### [Task goal]
Please restate the data that follows word for word, with the pictures left out.

--- START ---

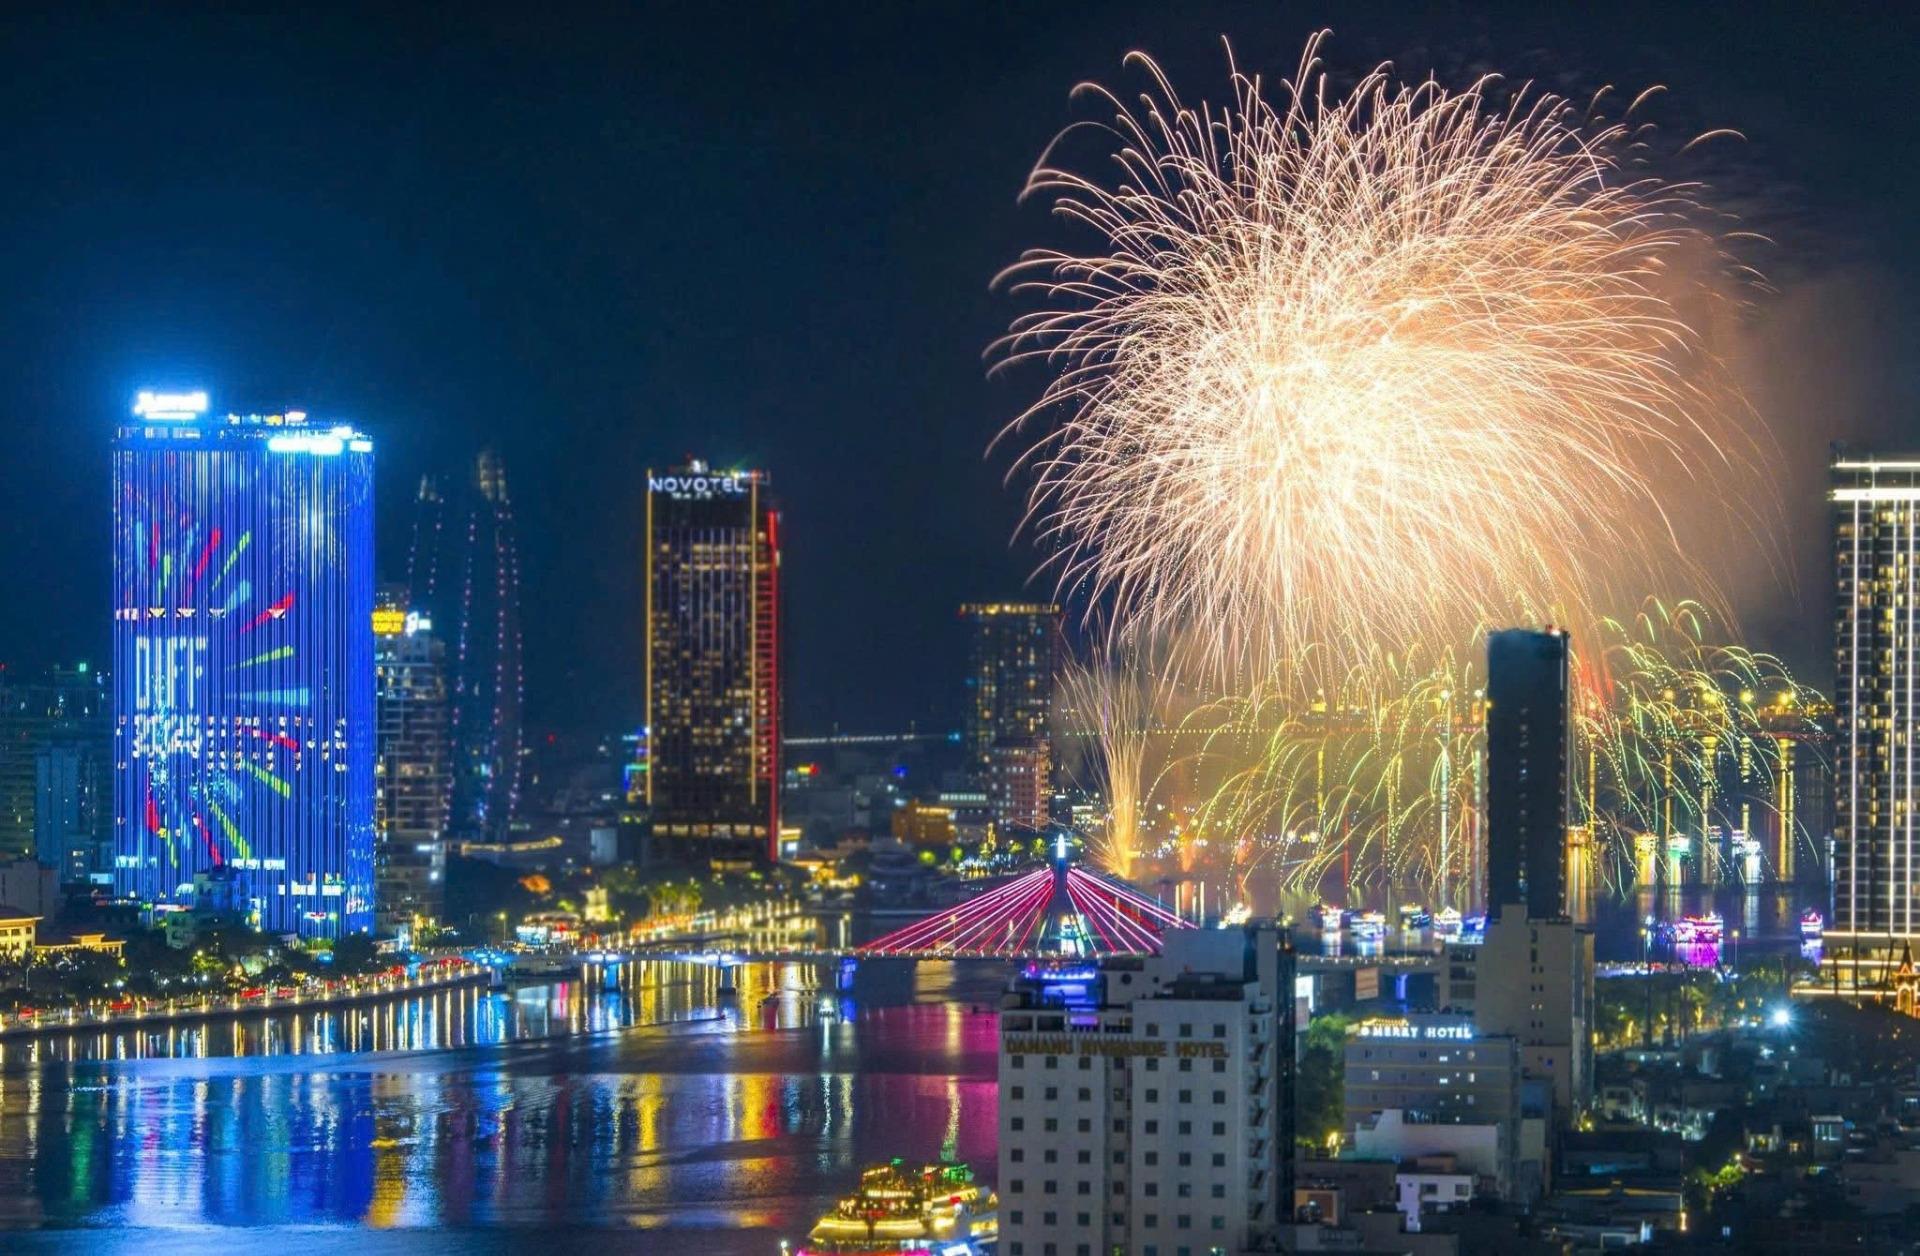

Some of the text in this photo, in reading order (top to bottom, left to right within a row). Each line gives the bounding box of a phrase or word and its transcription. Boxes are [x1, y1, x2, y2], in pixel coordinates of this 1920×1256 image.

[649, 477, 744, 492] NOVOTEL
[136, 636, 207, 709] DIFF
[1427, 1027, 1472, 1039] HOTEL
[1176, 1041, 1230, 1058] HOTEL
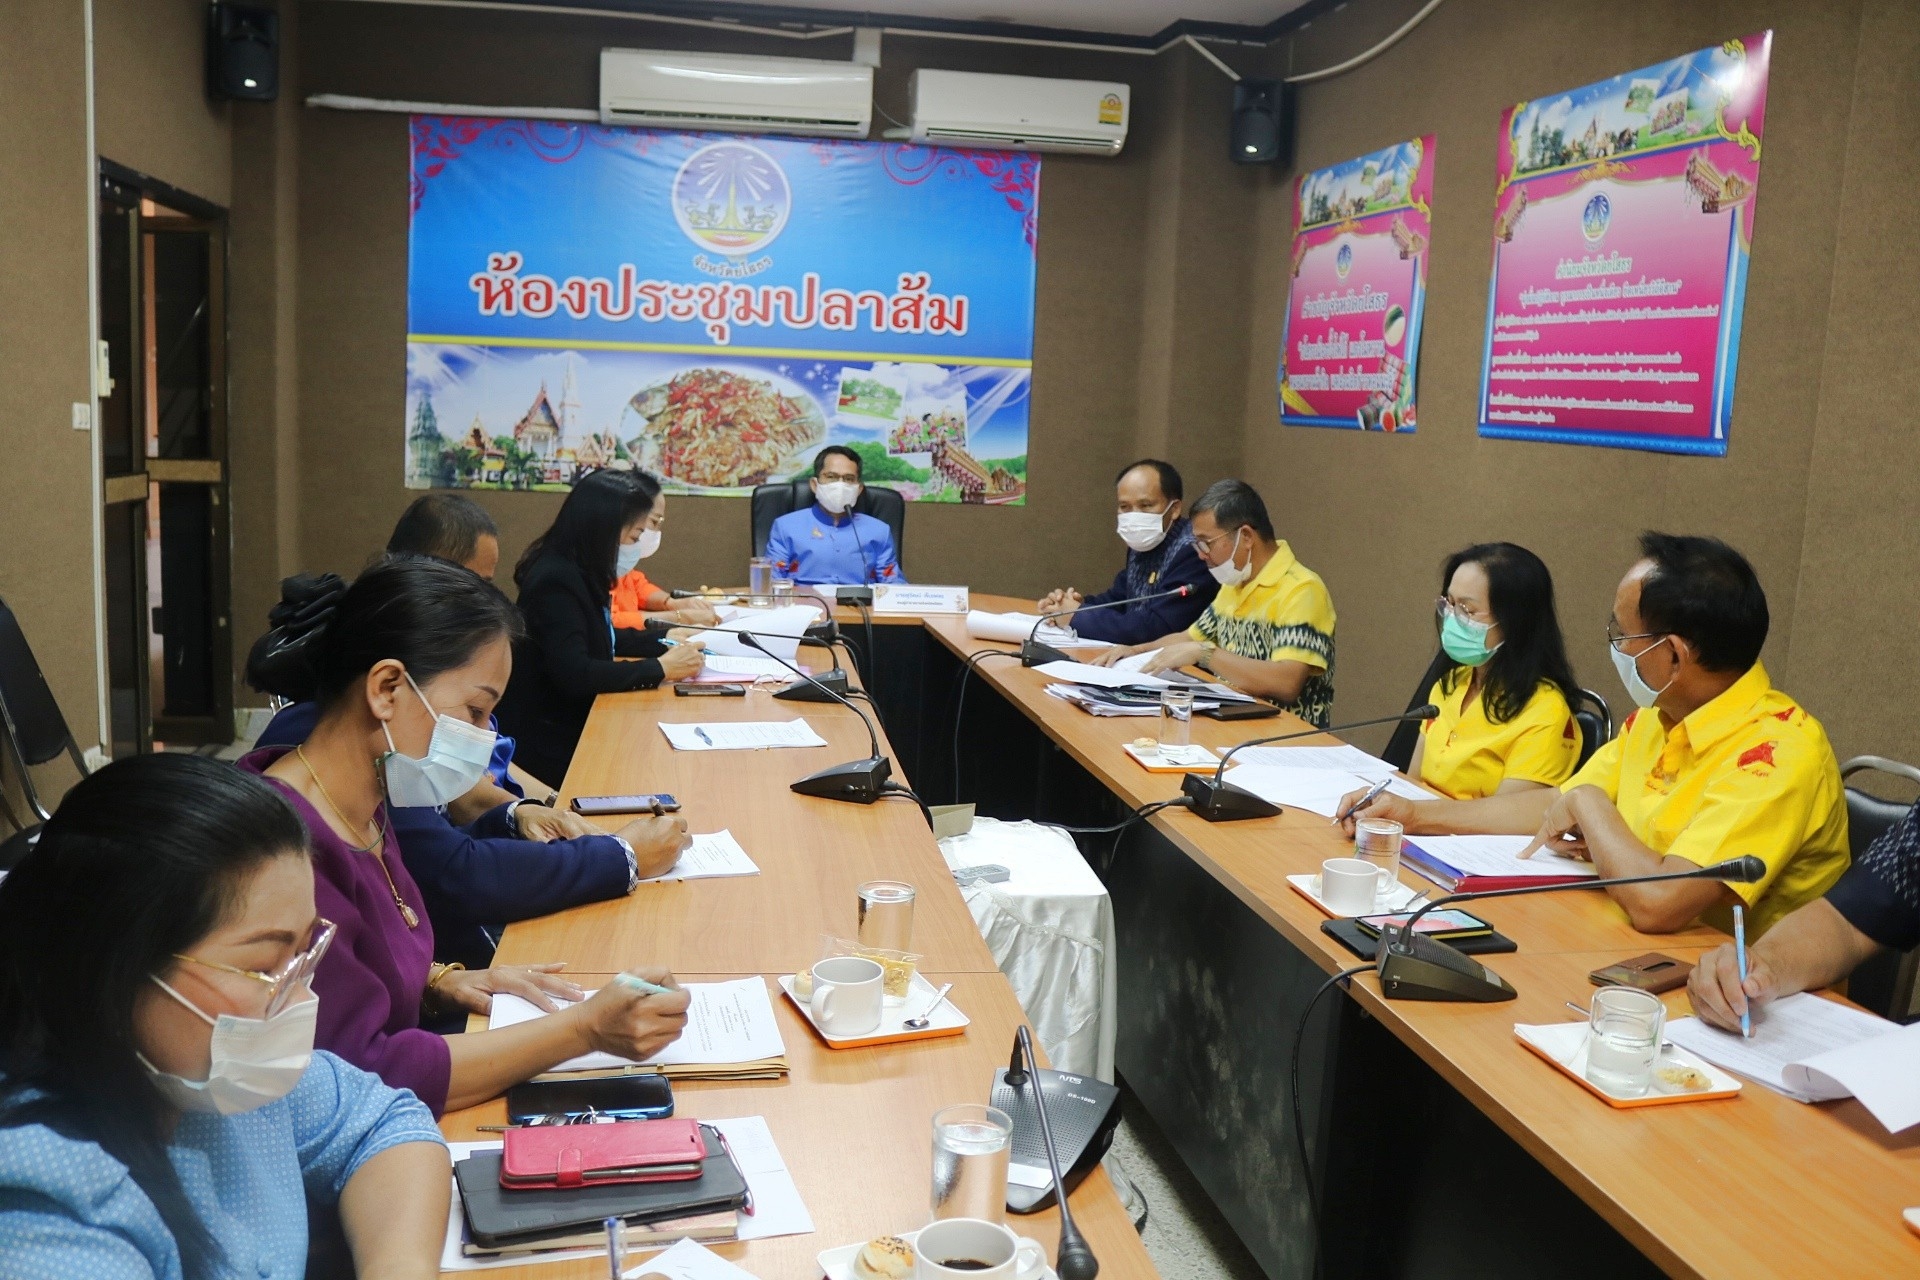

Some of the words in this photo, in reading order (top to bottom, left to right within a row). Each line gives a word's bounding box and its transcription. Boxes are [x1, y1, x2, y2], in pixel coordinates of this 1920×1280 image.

--- END ---

### [Completed exercise]
Some of the text in this photo, in reading order (top to bottom, left to right within a row). Each line gives the bounding box of a phrase or word and its transcription. Boxes are [x1, y1, x2, y2], in pixel coordinates of this 1920×1256 image.

[649, 477, 744, 492] NOVOTEL
[136, 636, 207, 709] DIFF
[1427, 1027, 1472, 1039] HOTEL
[1176, 1041, 1230, 1058] HOTEL

Some of the words in this photo, in reading order (top to bottom, left to right within a row). Each line gives a word's bounding box and its transcription. Boxes are [x1, y1, x2, y2], in pixel coordinates of this 1920×1280 image.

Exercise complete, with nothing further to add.